A radiografia do tórax poderá evidenciar massa paratraqueal ou imagem esferóide com parede fina (semelhante a “balão” ou grande “bolha” correspondente a área de distensão gasosa).

A TAC e a RMN, com maior discriminação imagiológica, possibilitarão a identificação de pequenos quistos intercarinais.

Diagnóstico diferencial

As manifestações clínicas e o padrão radiográfico do tórax convencional evidenciando imagem de distensão gasosa ou “bolhosa” única poderão levar a admitir a presença doutra situação – o quisto pulmonar – com patogénese semelhante ao quisto broncogénico, mas derivando das células do bronquíolo respiratório. O referido quisto pulmonar é, no entanto, periférico (e único) com um padrão radiográfico que evidencia parede melhor definida do que no caso do quisto broncogénico.

Por sua vez, o quisto pulmonar pode confundir-se com pneumatocele o qual apresenta parede menos espessa. O quisto pulmonar, quando infectado, pode confundir-se com abcesso pulmonar.

Tratamento

O tratamento, quer do quisto broncogénico, quer do quisto pulmonar, é a excisão cirúrgica.

3. MALFORMAÇÃO ADENOMATÓIDE QUÍSTICA

Definição e importância do problema

Esta anomalia é caracterizada por crescimento desordenado (histologia de tipo hamartoma ou displasia) dos bronquíolos terminais impedindo quase completamente o crescimento e desenvolvimento alveolar no lobo de um pulmão; como consequência há formação de múltiplos quistos desorganizados alternando com zonas de parênquima não afectado, sendo que os referidos quistos não comunicam com a árvore tráqueo-brônquica e podem comprimir as estruturas vizinhas.

Surge com uma frequência aproximada de 1-4/100.000 nascimentos.

São descritos 3 tipos: 1 (50%), macroquístico, com um ou mais quistos de diâmetro superior a 2 cm; 2 (40%), microquístico com histologia semelhante à do tipo 1; 3 (10%) em que a lesão é sólida simile bronquíolos preenchidos por epitélio cubóide ciliado e não ciliado.

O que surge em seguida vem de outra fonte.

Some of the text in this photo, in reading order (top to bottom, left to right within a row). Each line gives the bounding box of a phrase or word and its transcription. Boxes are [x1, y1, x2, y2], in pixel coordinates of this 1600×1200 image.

Manifestações clínicas e diagnóstico

As manifestações são precoces, no pós-parto traduzidas por síndroma de dificuldade respiratória conduzindo a insuficiência respiratória; a manifestação mais tardia inaugural pode ser infecção respiratória com recorrências.

A ecografia fetal permite o diagnóstico entre a 12ª e a 14ª semana de vida intra-uterina; por vezes verifica-se inexplicavelmente a sua regressão espontânea o que prova a complexidade de tal anomalia congénita. Em certas formas surge hydrops fetalis.

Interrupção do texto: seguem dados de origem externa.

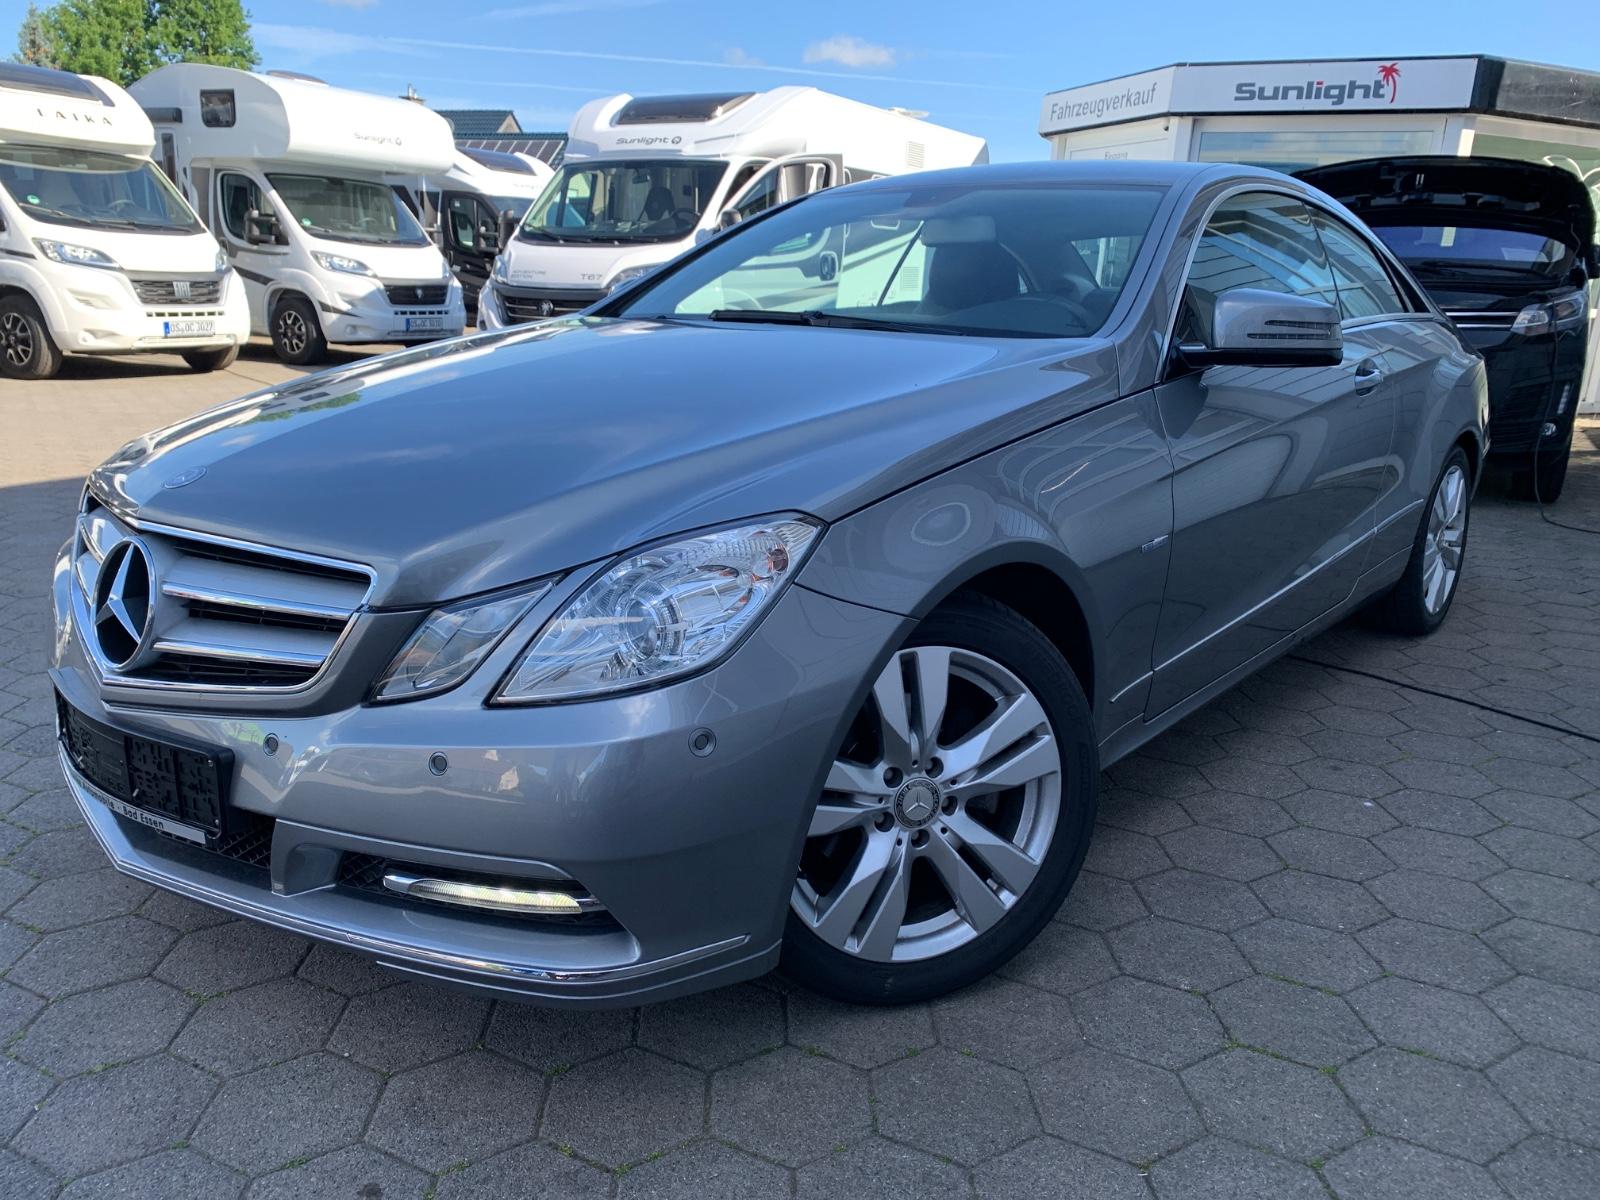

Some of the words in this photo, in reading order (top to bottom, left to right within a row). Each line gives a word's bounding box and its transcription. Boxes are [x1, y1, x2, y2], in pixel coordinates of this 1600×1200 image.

[1050, 82, 1157, 120] Fahrzeugverkauf
[1234, 80, 1386, 105] Sunlight
[615, 136, 670, 146] Sunlight
[122, 806, 137, 820] Bad
[140, 813, 164, 829] Essen
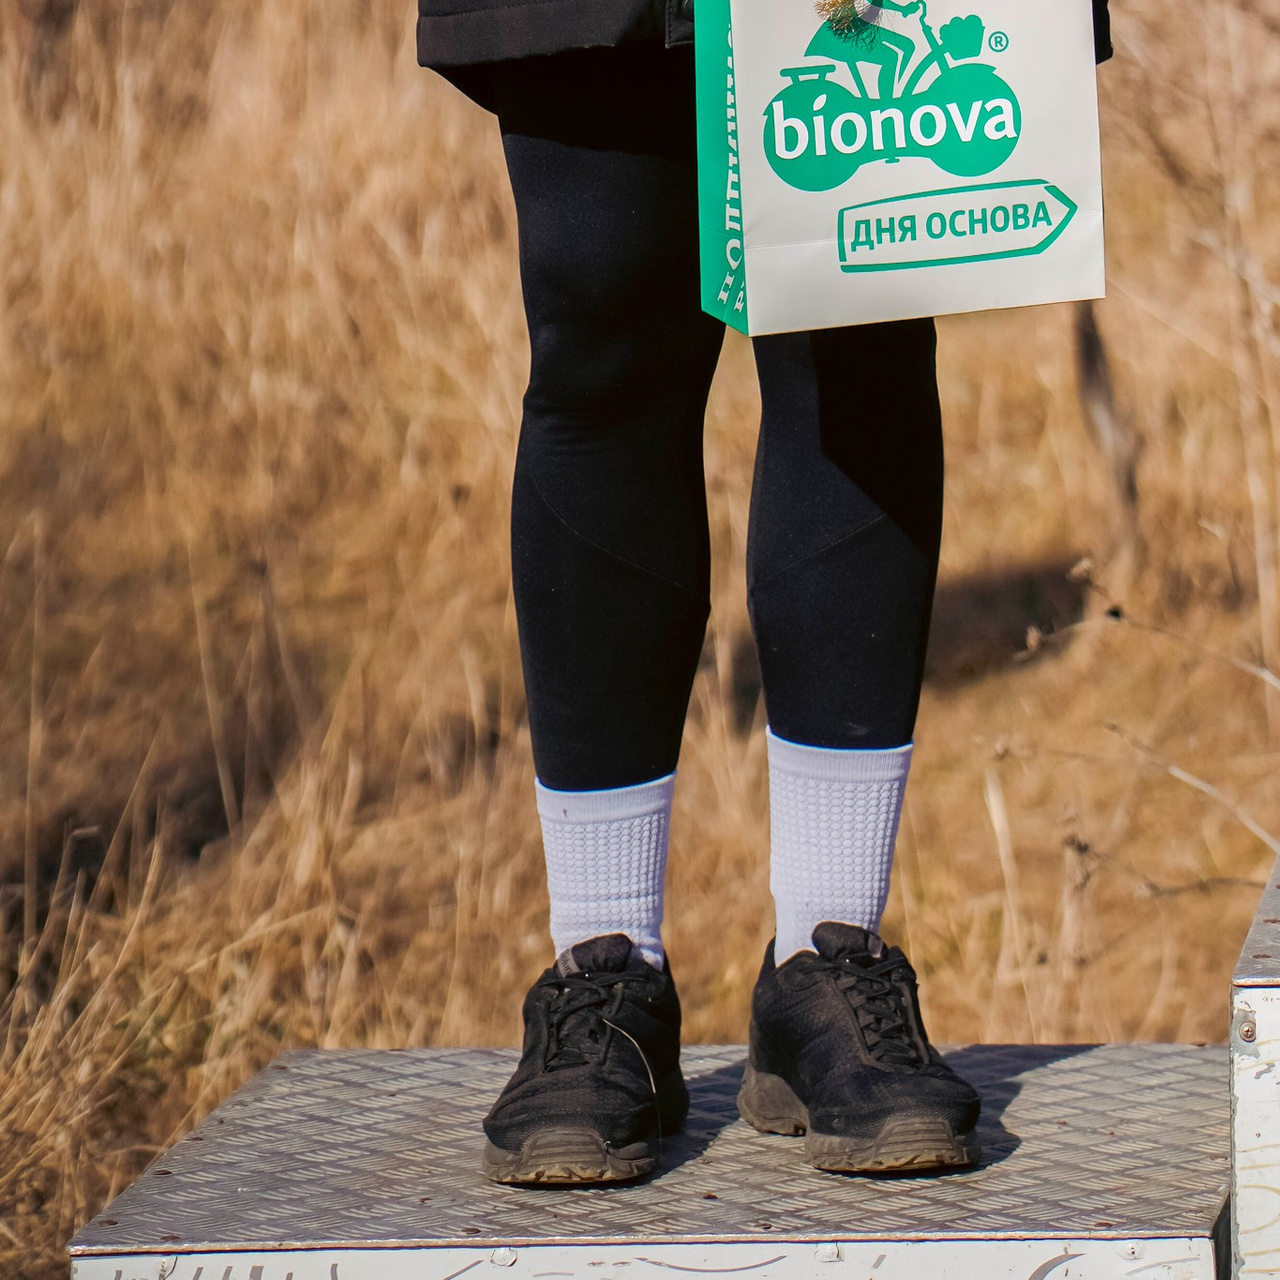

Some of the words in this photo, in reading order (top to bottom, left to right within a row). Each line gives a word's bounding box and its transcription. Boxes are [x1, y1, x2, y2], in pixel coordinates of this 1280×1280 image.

[771, 93, 1019, 160] bionova
[850, 214, 917, 253] ДНЯ
[925, 200, 1053, 240] ОСНОВА

Após o nascimento a radiografia do tórax é essencial para o diagnóstico definitivo, chamando-se a atenção para o diagnóstico diferencial com a hérnia diafragmática de Bochdaleck (esta última abordada no capítulo 308).

Em casos especiais pode proceder-se à tomografia axial computadorizada.

Tratamento

O tratamento é a excisão cirúrgica – lobectomia – mesmo no doente assintomático, de preferência antes dos 12 meses de idade, face à possibilidade de evolução sarcomatosa ou carcinomatosa.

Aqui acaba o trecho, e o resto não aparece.